Create a namespace and inspect it:

sudo ip netns add ns1
sudo ip netns list
sudo ip netns exec ns1 ip addr

You will see only a lo interface that is DOWN. Bring it up:

sudo ip netns exec ns1 ip link set lo up

Now create a veth pair and move one end into ns1:

sudo ip link add veth-host type veth peer name veth-ns1
sudo ip link set veth-ns1 netns ns1
sudo ip addr add 10.0.0.1/24 dev veth-host
sudo ip link set veth-host up
sudo ip netns exec ns1 ip addr add 10.0.0.2/24 dev veth-ns1
sudo ip netns exec ns1 ip link set veth-ns1 up

Test connectivity:

sudo ip netns exec ns1 ping -c1 10.0.0.1

To reach the internet from inside ns1, add a default route and enable forwarding and NAT on the host:

sudo ip netns exec ns1 ip route add default via 10.0.0.1
sudo sysctl -w net.ipv4.ip_forward=1
sudo iptables -t nat -A POSTROUTING -s 10.0.0.0/24 -o eth0 -j MASQUERADE

Now ip netns exec ns1 curl https://example.com works. You have essentially built what Docker calls a bridge network, by hand.


 ns1 app
    |
    v
 veth-ns1 (10.0.0.2)
    |
    v
 veth-host (10.0.0.1) in host
    |
    v
 host routing -> eth0
    |
    v
 POSTROUTING MASQUERADE
    |
    v
 internet
Outbound packet path from a namespace

Common Pitfalls

Forgetting that lo is DOWN by default in a new netns. Many apps bind to 127.0.0.1; if loopback is down, they error immediately.

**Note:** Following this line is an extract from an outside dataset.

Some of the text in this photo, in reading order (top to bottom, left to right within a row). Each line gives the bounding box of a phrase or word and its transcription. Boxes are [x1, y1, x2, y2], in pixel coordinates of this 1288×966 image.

Veth pairs are bidirectional, but if one end has no IP, packets go nowhere. Both ends need addresses and link set up.

Removing a namespace while a veth exists leaks the host side. Always ip link del veth-host before or after ip netns del ns1.

Conntrack confusion across netns. Each namespace has its own conntrack table, so port mappings or NAT rules on the host do not apply inside the namespace.

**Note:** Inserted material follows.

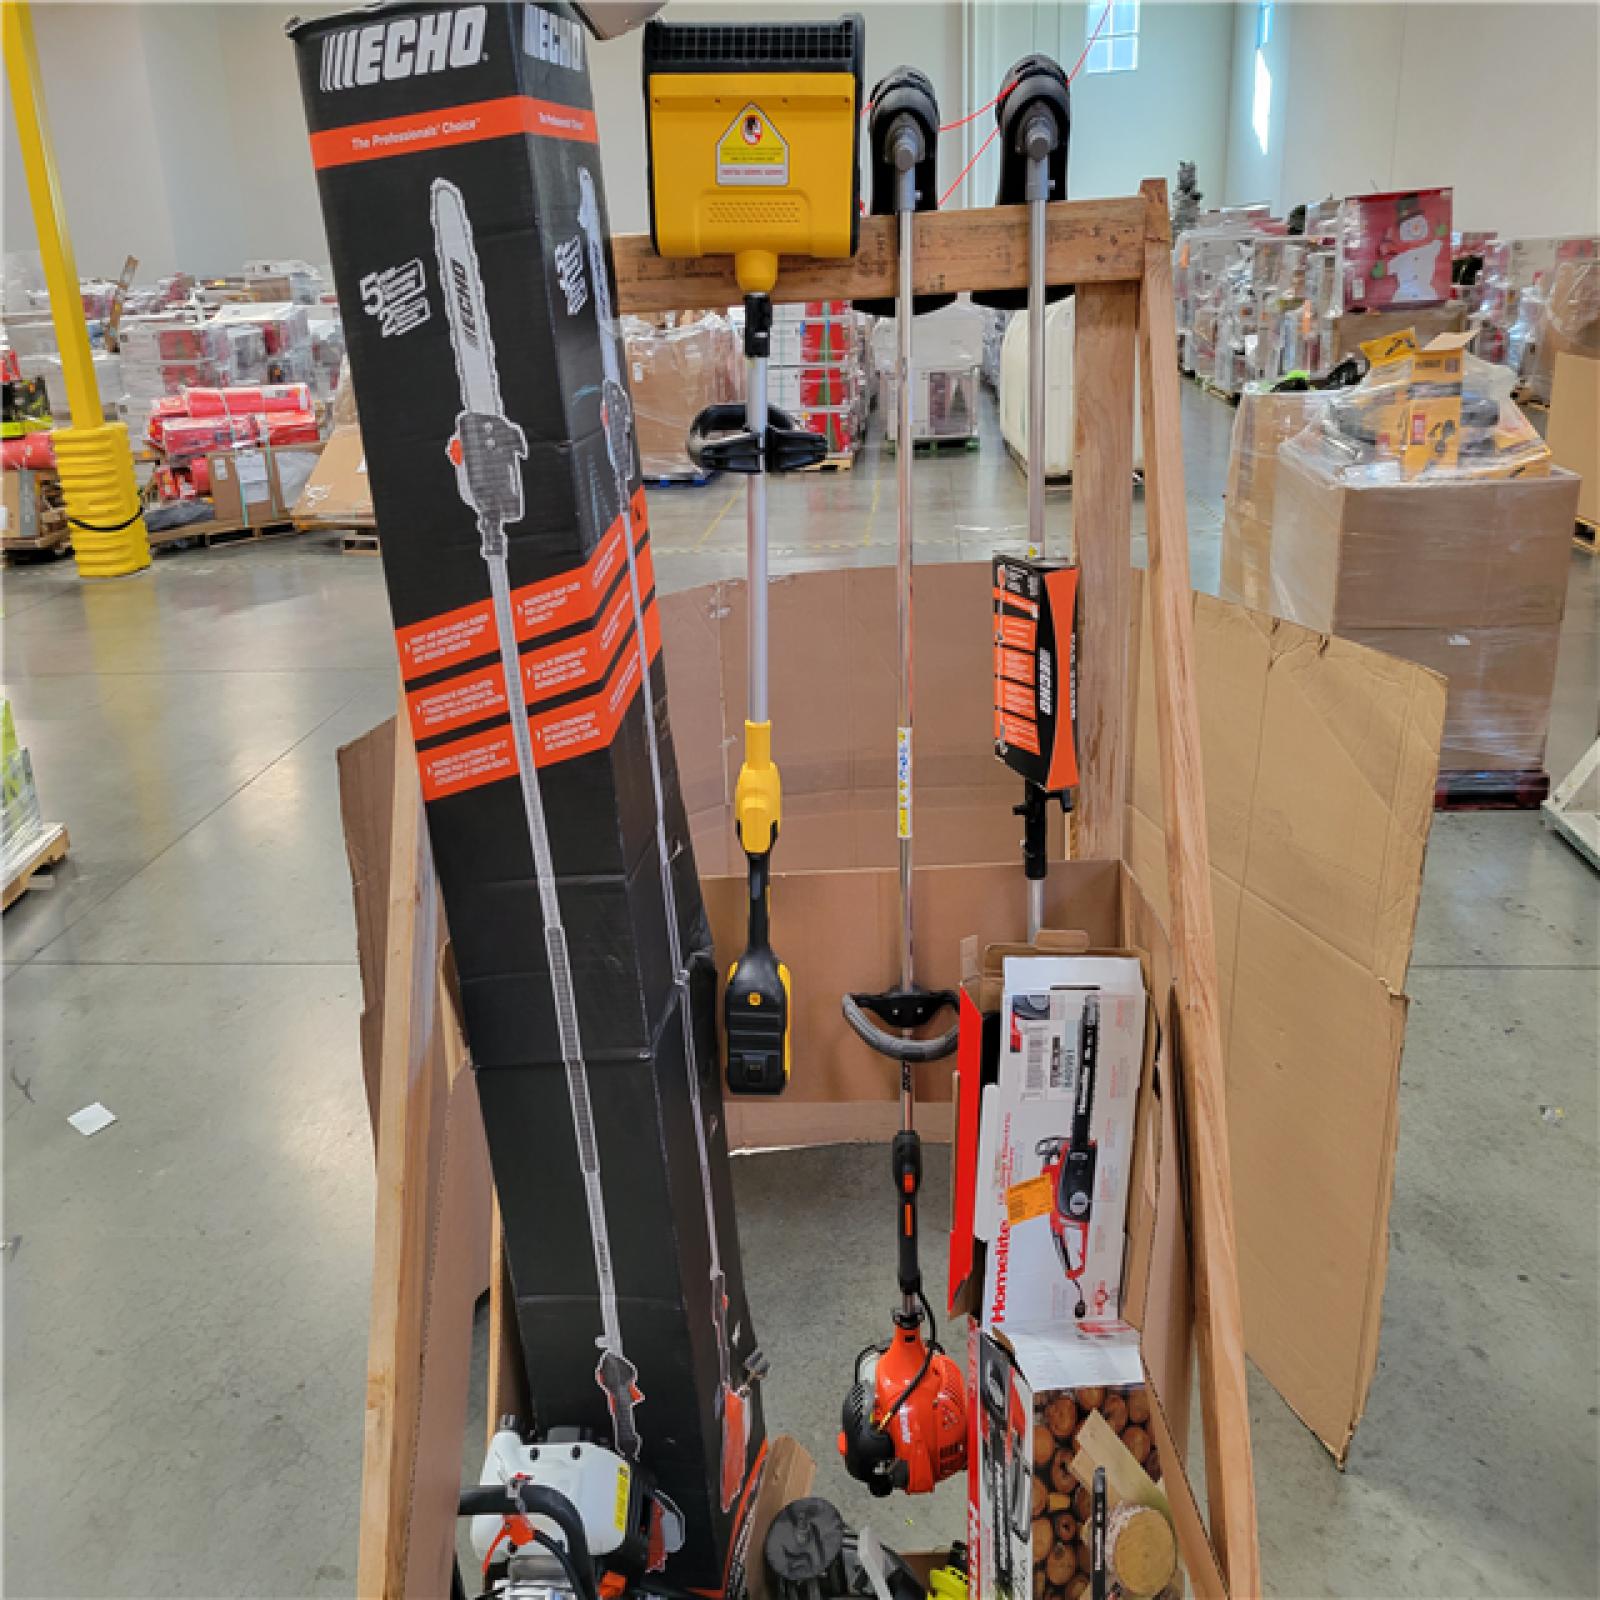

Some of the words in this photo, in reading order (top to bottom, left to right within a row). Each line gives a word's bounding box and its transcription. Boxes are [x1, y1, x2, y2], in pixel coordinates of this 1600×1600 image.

[354, 5, 487, 86] ECHO
[538, 8, 583, 72] ECHO
[989, 1219, 1011, 1324] Homelite

Permissions: ip netns commands need root or the CAP_NET_ADMIN capability. Inside a netns, your view of /proc/net reflects only that namespace, which can confuse monitoring agents.

Practical Tips

Use nsenter -t <pid> -n to drop into the network namespace of any running process. It is invaluable for debugging containers: find the container PID with docker inspect and nsenter into its netns to run ss, tcpdump, or iptables -L from inside.

For repeatable lab setups, script the namespace creation. Tools like ip-netns integrate cleanly with systemd if you want a long-lived isolated network for a service.

When experimenting with Kubernetes networking (CNI plugins, kube-proxy modes), recreate the topology by hand first. Once you understand which veth talks to which bridge, the CNI diagrams click instantly.

Combine netns with cgroups to build container-like isolation in a few lines. unshare --net --pid --mount --fork bash gives you a quick sandbox.

Wrap-up

Network namespaces are the kernel building block for container networking. With ip netns, ip link, and a couple of iptables rules, you can recreate a Docker bridge network from scratch. The same primitives underpin Kubernetes CNI plugins, VPN tunnels, and security sandboxes. Once you can build the topology by hand, the abstractions on top stop feeling magical.